ぷにちゃん現る

@noto2

ぷにちゃん現る

 もう20年近くも記憶の引き出しにしまい込まれていた記憶。

 プニッとしたあの子の記憶が呼び起こされたのは、アルバイトを終えて帰宅した息子の右手を見た時だった。


 飲食店の調理場でアルバイトしている彼の右手親指の腹にあの子はいた。

 火傷による「水ぶくれ」だ。

 ぷっくりと膨れパンパンになった水ぶくれが出来ていたのだ。


 その指を見た瞬間、私の頭の中の記憶の引き出しがギギーっと音を立てながら開いた。


 息子と同じ年高校生だった頃、私は女子校に通いながらお小遣い稼ぎで某ファーストフード店でアルバイトしていた。
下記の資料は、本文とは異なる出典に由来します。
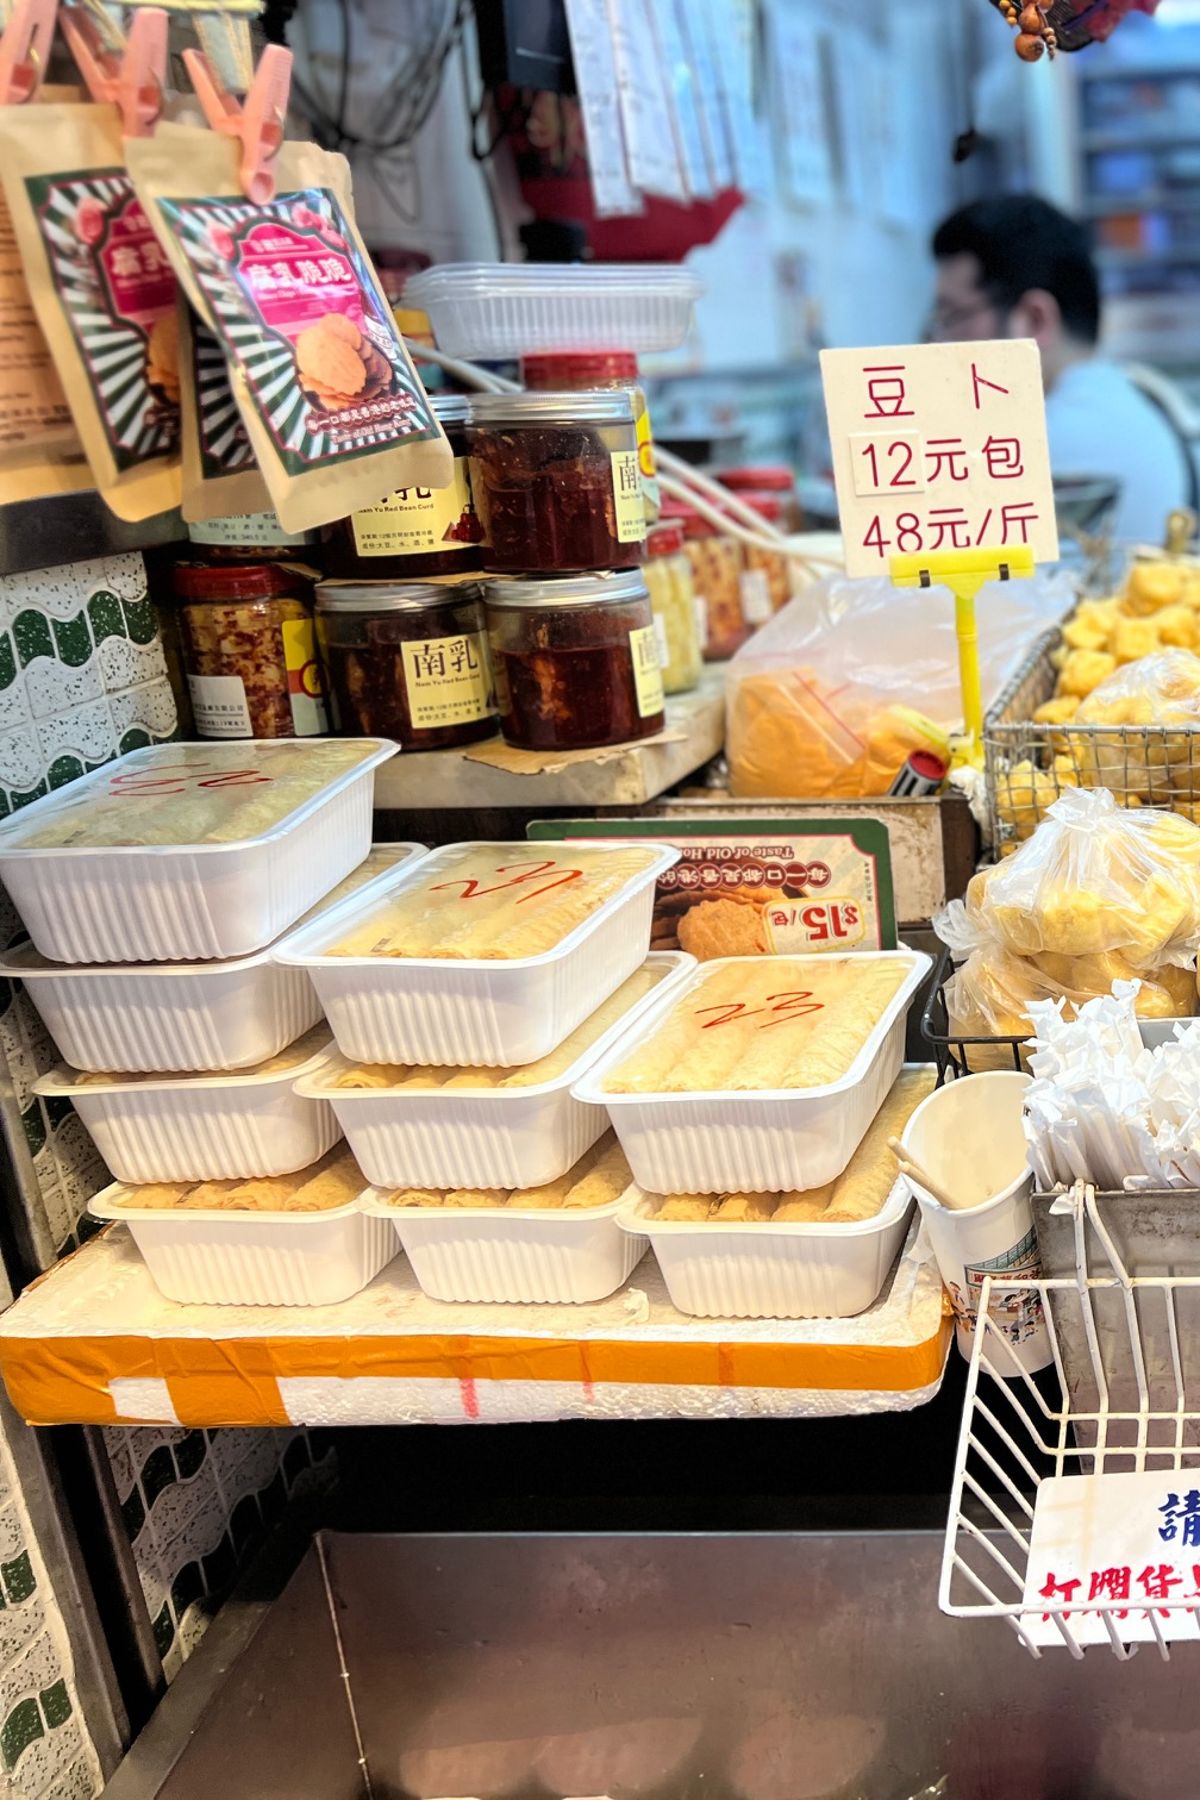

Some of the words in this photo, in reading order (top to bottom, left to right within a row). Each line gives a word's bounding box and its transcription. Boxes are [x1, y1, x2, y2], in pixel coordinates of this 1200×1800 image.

そこではグリルやフライヤーを使った調理が多く火傷をする事も珍しくはなかった。


 ある日、私は右手親指をうっかり揚げ油の中に浸けてしまい火傷をした。ヒリヒリとする親指をすぐに冷やしたが、しばらくすると親指の腹には大きな水ぶくれができた。


 まん丸でぷくぷくっとしていて、触るとぷにぷにしている水ぶくれが、私には何故か妙に愛らしく見え、これは潰したくない!と思う気持ちが芽生えた。


 お風呂に入る時も右手は使わず、学校へ向かう満員電車の中でも人や物に当たって、水ぶくれが潰れてしまわないように細心の注意を払った。


 学校へ着くと、隣の席のユキちゃんに嬉々と水ぶくれを見せた。ユキちゃんは「なんか可愛いー!」と言うと筆箱から黒の油性ペンを取り出し、私の大切な水ぶくれに目と口を書き込んだのだ。


 一瞬、なんて事を⁉と手を引っ込めそうになったが、よく見てみると、あら不思議!可愛いー!すごく可愛いー!!

ユキちゃんは、私の水ぶくれに命を吹き込んでくれたのだ。


 その後、私達はこの子に名前を付けた。


 命名『ぷにちゃん』


 ぷにちゃんの存在はすぐにクラスメイトに広まった。「水ぶくれに顔書いて何やってんの??」と呆れる子もいたが、多くの子達は「可愛いー!」と絶賛してくれた。

ぷにちゃんを潰したくないと思う私の気持ちをも理解してくれて、「ぷにちゃんを守ろう!」とまで言ってくれたのだった。


 ぷにちゃんの母である私が右手を使わず済むようにと、体育のバスケットボールでは私にはパスをしないと決め事をしてくれて、家庭科の刺繍も針を刺すと大変!と後ろの席のなっちゃんが、私の課題を代わりにやってくれたりもした。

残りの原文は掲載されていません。